Plenty of existing refineries have been expanded since they were built, though. There's no reason to go through the whole rigmarole of environmental impact studies on a new site when there's plenty of room to expand on the existing site.

"Capacity has also been added to existing refineries through upgrades or new construction. The most recent examples include:

* In 1998, Orion Refinery massively upgraded and reopened a refinery in Norco, Louisiana, which was a small, simple refinery that originally opened in 1967. (It is now owned by Valero.)
* Valero opened a "new" and very sophisticated refinery in 1983 in Corpus Christi, Texas, on the site of a simple refinery that originally opened in 1975."

Source


I agree; existing refineries can and should be expanded. There are also plenty of sites that used to have a refinery that could be used. The problem is; the EPA doesn't like refineries. Even expanding existing operations or reopening an old refinery is an onerous process that might need an act of congress to actually take affect.
 
2012-10-07 03:39:56 PM

snocone: GodsTumor: Just another reason to get one of these...

[imageshack.us image 276x183]

Yes it is.
Big Coal loves you long time.

/ownership is much less sociopathic


So much this ^. I still don't get how people think electric cars are the answer.
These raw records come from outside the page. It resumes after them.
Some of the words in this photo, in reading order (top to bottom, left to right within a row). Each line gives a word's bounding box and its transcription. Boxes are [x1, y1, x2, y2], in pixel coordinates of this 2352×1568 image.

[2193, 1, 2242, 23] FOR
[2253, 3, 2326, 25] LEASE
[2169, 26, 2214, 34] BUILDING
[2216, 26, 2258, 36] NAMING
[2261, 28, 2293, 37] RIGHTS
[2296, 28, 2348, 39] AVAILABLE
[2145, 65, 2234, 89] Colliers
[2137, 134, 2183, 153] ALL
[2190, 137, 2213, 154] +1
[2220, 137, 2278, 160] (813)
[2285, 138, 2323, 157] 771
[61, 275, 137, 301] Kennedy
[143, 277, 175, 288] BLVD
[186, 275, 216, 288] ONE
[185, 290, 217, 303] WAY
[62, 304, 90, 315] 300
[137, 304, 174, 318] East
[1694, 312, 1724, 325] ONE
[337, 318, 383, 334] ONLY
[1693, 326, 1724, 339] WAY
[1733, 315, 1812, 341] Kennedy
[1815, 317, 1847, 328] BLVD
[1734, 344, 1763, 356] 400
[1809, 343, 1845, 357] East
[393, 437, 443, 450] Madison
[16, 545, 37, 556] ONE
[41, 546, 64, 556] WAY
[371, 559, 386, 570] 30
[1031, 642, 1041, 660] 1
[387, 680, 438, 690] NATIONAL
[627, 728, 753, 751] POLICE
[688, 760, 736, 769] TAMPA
Where the f#$* do you think electricity comes from ? Oh yeah that's right Californians don't care because they won't allow new power generation facilities to be built in their state but will import the hell out of PNW hydropower and drive up our prices.
 
2012-10-07 03:42:41 PM
Call me snooty, but I always love the time of year when I switch over to Pumpkin Spiced Unleaded.
 
2012-10-07 03:43:17 PM
12349876: You don't know how the other half lives.
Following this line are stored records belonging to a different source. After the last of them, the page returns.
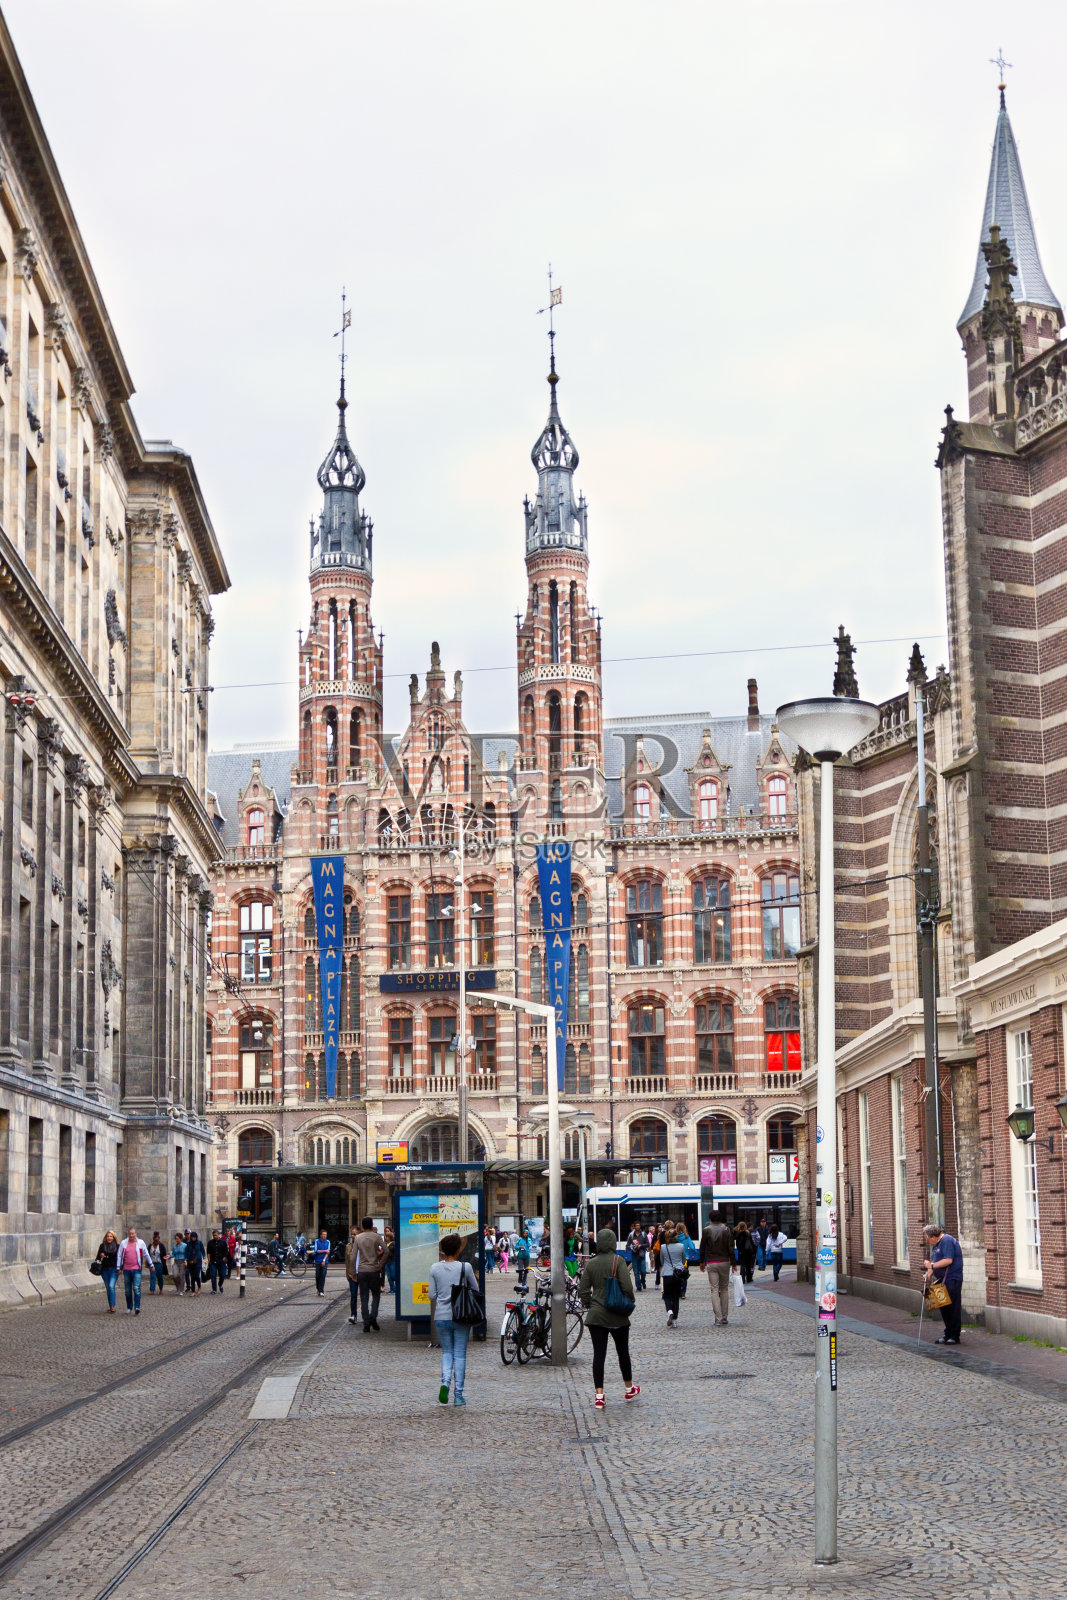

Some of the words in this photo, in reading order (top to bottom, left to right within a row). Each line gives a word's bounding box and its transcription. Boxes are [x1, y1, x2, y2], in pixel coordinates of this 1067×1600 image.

[320, 862, 336, 959] MAGNA
[546, 849, 564, 948] MAGNA
[327, 971, 336, 1047] PLAZA
[554, 961, 564, 1039] PLAZA
[990, 983, 1037, 1015] MUSEUMWINKEL
[699, 1158, 736, 1172] SALE
Sure I do. The summer after 11th grade my dad made me get a job for the entire summer to show me what it's like to have to work for a living. I had to spend 3 days a week working for $11 an hour (this was the mid 90s, so it was minimum wage back then). It taught me a valuable lesson about the working man, so I resent the remark that I don't know how the other half lives.

12349876: I'm in the gas station convenience store from time to time because the big stores don't sell Mountain Dew Throwback, and you'd be surprised how many people are getting gas. One guy the other day used a roll of nickels and a few high value coins to get 5 bucks of gas

Then it's on them to work and make themselves marketable so that they can demand more for their services. I don't feel bad for anyone who sits around moaning about their situation and doesn't do anything to improve it.
 
2012-10-07 03:44:22 PM
stiletto_the_wise: steamingpile: L.D. Ablo: This, along with other changes, dramatically improved the smog problem in LA.
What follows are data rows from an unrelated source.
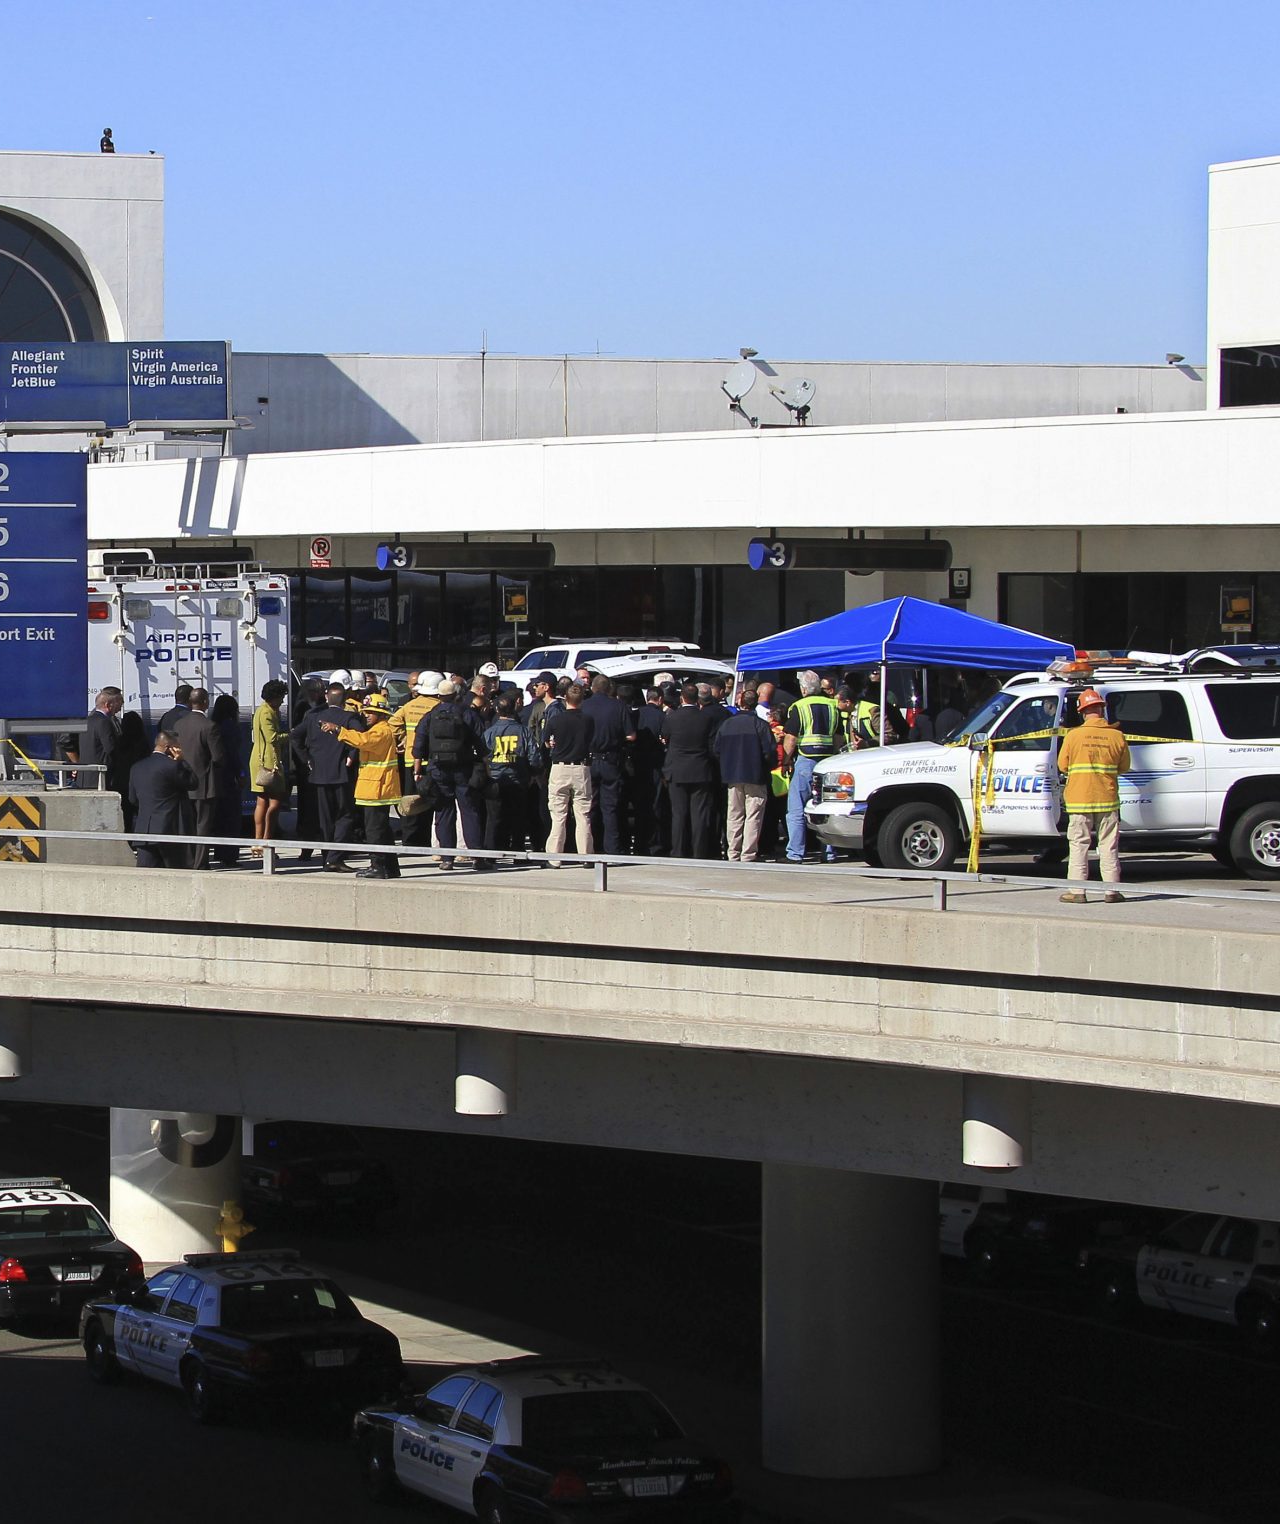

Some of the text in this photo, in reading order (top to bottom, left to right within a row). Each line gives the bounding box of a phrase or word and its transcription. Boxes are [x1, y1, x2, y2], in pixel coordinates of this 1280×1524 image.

[11, 350, 65, 363] Allegiant
[132, 348, 164, 361] Spirit
[11, 363, 58, 374] Frontier
[132, 361, 218, 375] Virgin America
[11, 376, 57, 388] JetBlue
[132, 374, 224, 388] Virgin Australia
[393, 546, 407, 567] 3
[769, 542, 786, 567] 3
[25, 627, 56, 641] Exit
[146, 633, 223, 644] AIRPORT
[135, 647, 233, 664] POLICE
[494, 735, 518, 755] ATF
[902, 759, 930, 767] TRAFFIC
[881, 765, 957, 776] SECURITY OPERATIONS
[219, 1263, 313, 1281] 614
[1143, 1262, 1215, 1290] POLICE
[120, 1324, 168, 1354] POLICE
[401, 1438, 456, 1472] POLICE
As a kid, we had smog days at school where we weren't allowed out for PE or recess. You could see the smog hanging in the air. It was awful.

There's still a bit of smog, but it's much better today.

Did you ever stop to think that it may be due to factories being cleaner and nothing to do with car emissions? I know what has been preached to you for over two decades but they could be wrong.

Even if it did have something to do with car emissions (debatable), the smog reduction would have to be attributed to stricter emissions testing, and not gasoline regulations. I struggle every two years to pass, because my car is so old, it was never designed to meet the ridiculous smog figures CA demands.


You do know that the standards differ by model, your car only has to meet the standards that were existing at the time it was built? Last time I got my old (22yrs) car smogged, it failed one of the standards by .01 (allowable was .10, mine was .11). The tech said it was probably a bad cat. When I pulled off the old one, it was empty inside, all of the the catalyst had blown out along with the gridwork that held it in. New cat installed, passed with flying colors. If you're struggling to pass, your car probably has some issues.
 
2012-10-07 03:45:27 PM

The Beatings Will Continue Until Morale Improves: Or you could look it up. Wouldn't it be crazy if you were connected to a computer network where this kind of information was available at your fingertips?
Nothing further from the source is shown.